Tinha fé em que ela progredisse e desse excelentes frutos. Mas a pobre nem teve tempo para a floração. Deceparam-na e, atrás dela, já caiu outra escola. Queira Deus que fiquemos nisto!...
É de supor que fiquemos, mesmo porque de todos os jornais se levantou um enxame de protestos, alguns francos e outros disfarçados, acerca deste caso inesperado e estranho. O mal de deficiência de escolas não é só nosso. É do Brasil inteiro. Agora mesmo acabo de ler um artigo da professora Edwiges de Sá Pereira, publicado no Jornal Pequeno, de Pernambuco, em que essa senhora lembra o alvitre de se reunirem na Capital Federal, todos os anos, em um certo prazo, delegados das escolas normais estaduais, com o fim de, observando os nossos progressos escolares, poderem imitá-los nas escolas públicas das suas respectivas terras.

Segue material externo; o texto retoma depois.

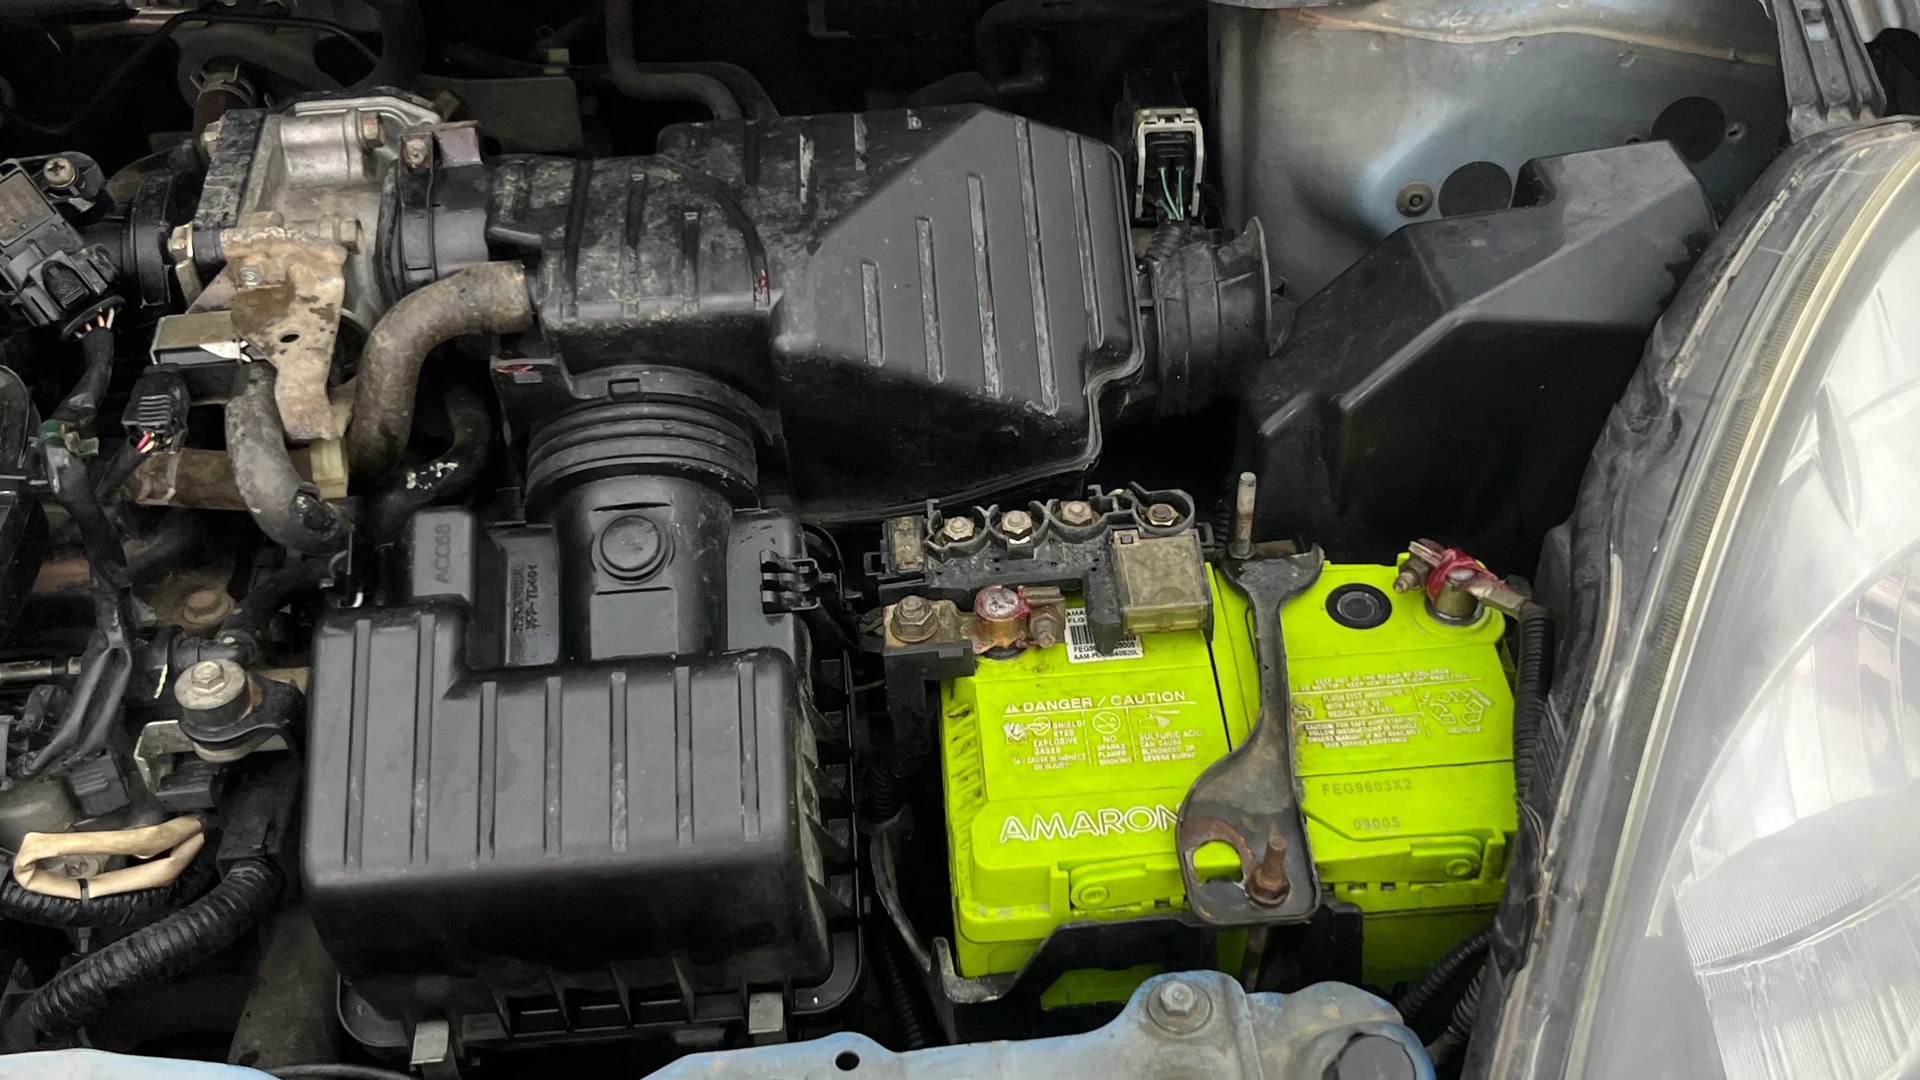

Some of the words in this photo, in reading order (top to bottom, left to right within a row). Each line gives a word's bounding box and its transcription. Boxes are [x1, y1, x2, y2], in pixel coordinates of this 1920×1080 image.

[1023, 697, 1093, 713] DANGER
[1110, 690, 1186, 706] CAUTION
[1054, 729, 1074, 738] EYES
[1139, 731, 1181, 741] SULFURIC
[1183, 729, 1202, 738] ACID
[1033, 736, 1078, 748] EXPLOSIVE
[1102, 735, 1117, 743] NO
[1140, 739, 1156, 748] CAN
[1158, 737, 1181, 746] CAUSE
[1097, 743, 1126, 752] SPARKS
[1185, 743, 1196, 752] OR
[1098, 750, 1127, 758] FLAMES
[1142, 752, 1171, 762] SEVERE
[1322, 778, 1413, 796] FEG9603X2
[1353, 816, 1401, 831] 09005

Para que essas reuniões fossem realmente proveitosas, não seria preciso que o quadro geral das nossas escolas primárias não deixasse nada a desejar? Estamos constantemente a ouvir falar em programas, mobiliários escolares modernos, reformas, etc., etc., para depois dizerem os jornais que em colégios municipais do próprio Distrito Federal há crianças que se sentam em caixotes de vendas, por falta de bancos, e professoras clamando em vão por livros e por mapas!
Virgem Nossa Senhora, como as coisas simples são complicadas! Os tempos passam e o morro de Santo Antônio continua no mesmo estado dúbio e triste de expectativa e de incerteza. A estrada para Petrópolis, certamente muito linda e de grande conforto, fez encolher-se a face larga e barrenta do desgraçado, em um quase imperceptível rictus de ironia. Até a floresta ia, ou vai ter, o seu largo sulco de civilização e de claridades no imenso corredor que una o ardente Rio à casta e linda Petrópolis! Só ele, o mísero, assistirá, sujo e trevoso, inculto e selvagem, à alegria e à limpeza dos outros que o cercam por todos os lados, bem no centro da capital, sem poder nem ao menos lavar o rosto, visto que, por mais que exclame, e grite e chore, nem lhe dão água...
Mas, como não é só a água que lhe falta, mas tudo, será mesmo preferível não lhe darem coisa nenhuma!
Texto publicado no livro Júlia do Rio - Crônicas da belle époque carioca.
¹ Referência ao personagem Chantecler, presente em uma coleção de poemas medievais europeus, majoritariamente anônimos, compostos em torno de 1170 a 1250, que depois foram reunidos no famoso Roman de Renart [Romance da raposa]. Os personagens dessas histórias são animais e Chantecler é um galo, o dono do galinheiro. No entanto, o personagem principal é Renart, a raposa, que engana outros animais antropomórficos para sua própria vantagem. (N.E.)
² Em francês, “pintada”. Uma ave da ordem dos Galiformes, assim como o faisão, que a autora também menciona nesse trecho. (N.E.)
³ Em latim, “ríctus”, “ricto”. Segundo o dicionário Michaelis, é a “contração dos lábios ou dos músculos da face, que dá ao rosto a aparência de riso forçado”. (N.E.)